San Francisco is known for its landmarks, architecture, and for being one of the first gay-friendly cities in the world—The Dash, a notorious gay bar, opened in 1908! Aside from its colorful and grand history however, the city has also dealt with many tragedies. There are those who say that tragedies bring about hauntings and being that the time of ghosts and ghouls is almost upon us, I decided to take a closer look at one of San Francisco’s famous haunted hotels.
The Queen Anne Hotel
Built in 1890 and formerly an all-girls boarding school, this Victorian mansion is said to be haunted by the school’s headmistress. In 1906, San Francisco suffered a natural catastrophe in the form of a 7.9 magnitude earthquake. The earthquake set off a series of fires that caused the destruction of nearly 80% of the city. Remarkably, the Queen Anne survived the earthquake and fires.

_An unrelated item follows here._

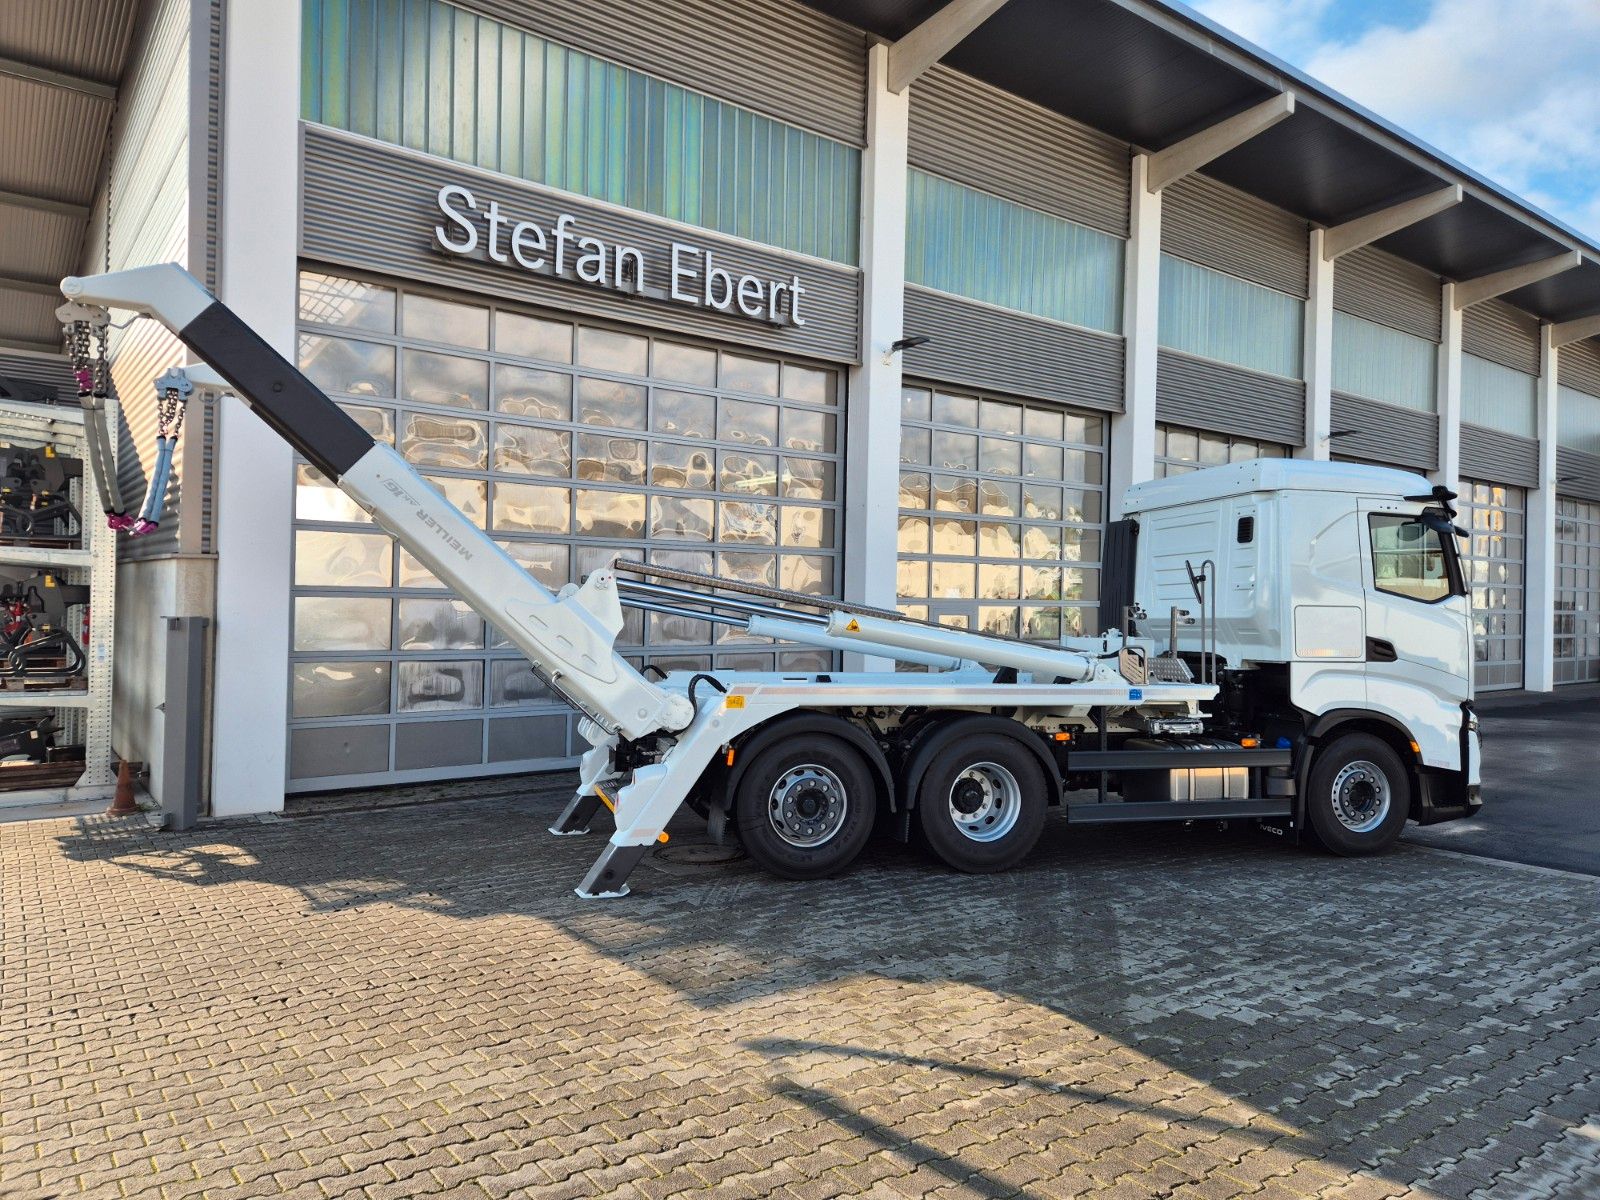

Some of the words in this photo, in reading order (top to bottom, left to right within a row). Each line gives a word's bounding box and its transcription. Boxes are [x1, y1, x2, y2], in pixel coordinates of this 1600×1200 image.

Today, the mansion serves as a charming bed and breakfast with furnishings and mementos from a bygone era. Ornate chairs and couches are thoughtfully placed around wood-burning fireplaces that make hypnotizing and otherworldly sounds. The wallpaper and carpeting are also straight out of a Victorian painting.
After marveling at the sitting area, we headed up to our room via the elevator. Even this typically mundane object had a wooden bench inside and made sounds that reminded me of a horror movie as it lifted us up to the next floor. The room, of course, did not break from the beautiful, yet eerie atmosphere the rest of the hotel had already created.
After setting our things down in our elegant room, we wondered, “What is there to eat around here?” The hotel offers free breakfast and complimentary sherry and cookies in the afternoon. However, you’re on your own for dinner. After looking at a map of the surrounding area, I noticed we were very close to San Francisco’s Japantown. Surely there would be something tasty to eat there.
After a 5-minute walk, we found ourselves in the heart of Japantown. The aptly named Osaka Way featured a cobblestone street and Japanese-style facades on the stores and restaurants that lined it. The major focal point of the area is the Peace Pagoda—a gift to San Francisco from the city of Osaka in 1968.
Making our way toward this striking monument brought us to Japan Center, where we walked past many restaurants, bars, and colorful shops. There was one restaurant, Marafuku, that caught my eye as it had a large crowd in front of it. The waitlist to eat there was unbelievably long, with 48 parties ahead of us, but the fact that so many people were trying to get a table here on an otherwise quiet Tuesday night made me think it would be worth the wait.
It took about an hour for our party to be called, but once we were seated our orders were taken quickly and our food was brought out not long after. The food absolutely proved to be worth the wait! The pork ramen I ordered at Marafuku is hands down the best ramen I have ever had and it is apparent that many others would agree with me. This restaurant is a must-try for ramen lovers in the area, just make sure to plan ahead and join the waitlist early.
Back to the Queen Anne
The walk back to the hotel was a short and quiet one, with most people walking to and from the bars and restaurants in the immediate area around Japan Center. The lobby and sitting area in the Queen Anne were also quiet except for the sounds coming from the fireplaces and mysterious music softly wafting through the room. After a day of exploring Japantown and with a belly full of delicious ramen I was tired and fell asleep early. The ghost of the former headmistress, Miss Mary, is said to roam the halls and tuck guests in at night. I’m afraid she did not visit me during my stay, though her comforting hauntings would have been welcome. Perhaps she will visit you during your stay at the charming Queen Anne.